### Work to complete
Only the text should be kept: print every entry below exactly and leave each image out.

### Data for processing

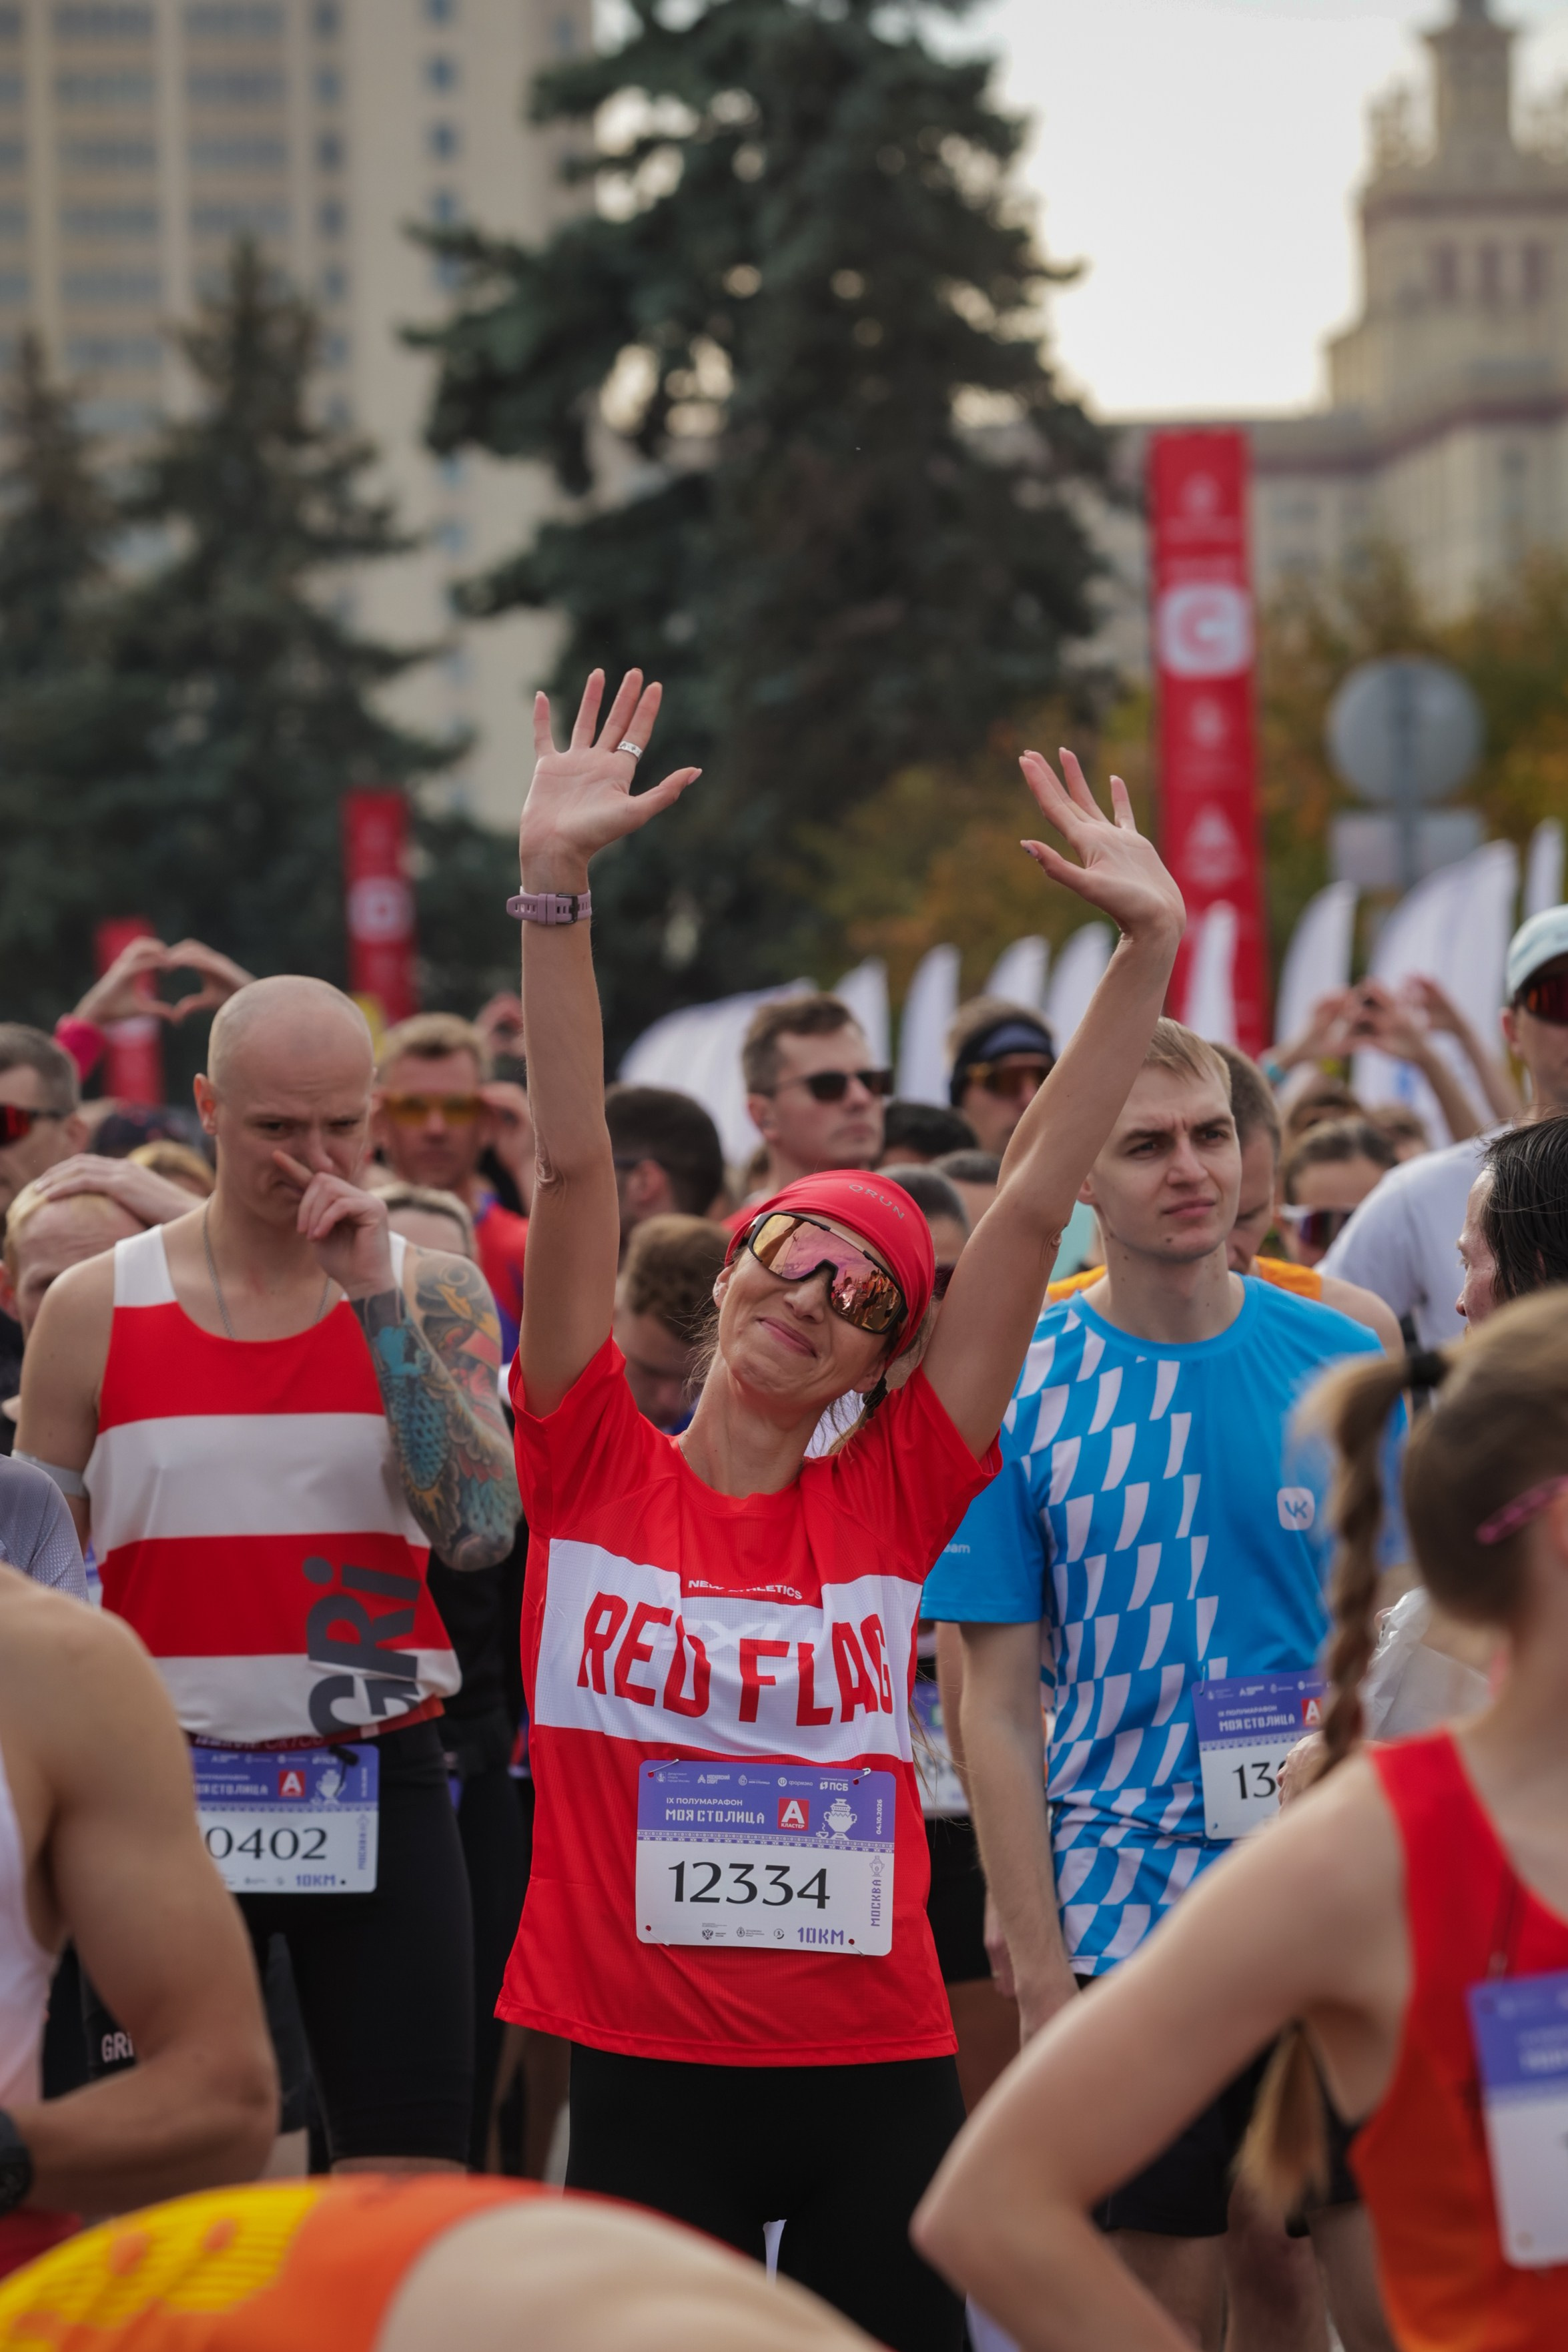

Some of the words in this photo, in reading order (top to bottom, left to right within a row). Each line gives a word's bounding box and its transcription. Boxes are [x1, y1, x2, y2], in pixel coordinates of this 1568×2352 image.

[849, 1184, 905, 1219] QRUN
[1284, 1500, 1308, 1519] VK
[577, 1591, 711, 1718] RED
[739, 1613, 893, 1727] FLAG
[1220, 1717, 1242, 1732] МОЯ
[1244, 1713, 1296, 1730] СТОЛИЦА
[829, 1782, 849, 1792] ПСБ
[1233, 1761, 1286, 1800] 13
[665, 1809, 694, 1822] МОЯ
[697, 1810, 765, 1825] СТОЛИЦА
[676, 1798, 743, 1806] ПОЛУМАРАФОН
[205, 1826, 327, 1860] 0402
[668, 1860, 831, 1910] 12334
[870, 1879, 881, 1927] МОСКВА

### Exercise answer
Some of the words in this photo, in reading order (top to bottom, left to right within a row). Each line gives a word's bounding box and its transcription. Boxes are [x1, y1, x2, y2], in pixel coordinates of this 1568×2352 image.

[849, 1184, 905, 1219] QRUN
[1284, 1500, 1308, 1519] VK
[577, 1591, 711, 1718] RED
[739, 1613, 893, 1727] FLAG
[1220, 1717, 1242, 1732] МОЯ
[1244, 1713, 1296, 1730] СТОЛИЦА
[829, 1782, 849, 1792] ПСБ
[1233, 1761, 1286, 1800] 13
[665, 1809, 694, 1822] МОЯ
[697, 1810, 765, 1825] СТОЛИЦА
[676, 1798, 743, 1806] ПОЛУМАРАФОН
[205, 1826, 327, 1860] 0402
[668, 1860, 831, 1910] 12334
[870, 1879, 881, 1927] МОСКВА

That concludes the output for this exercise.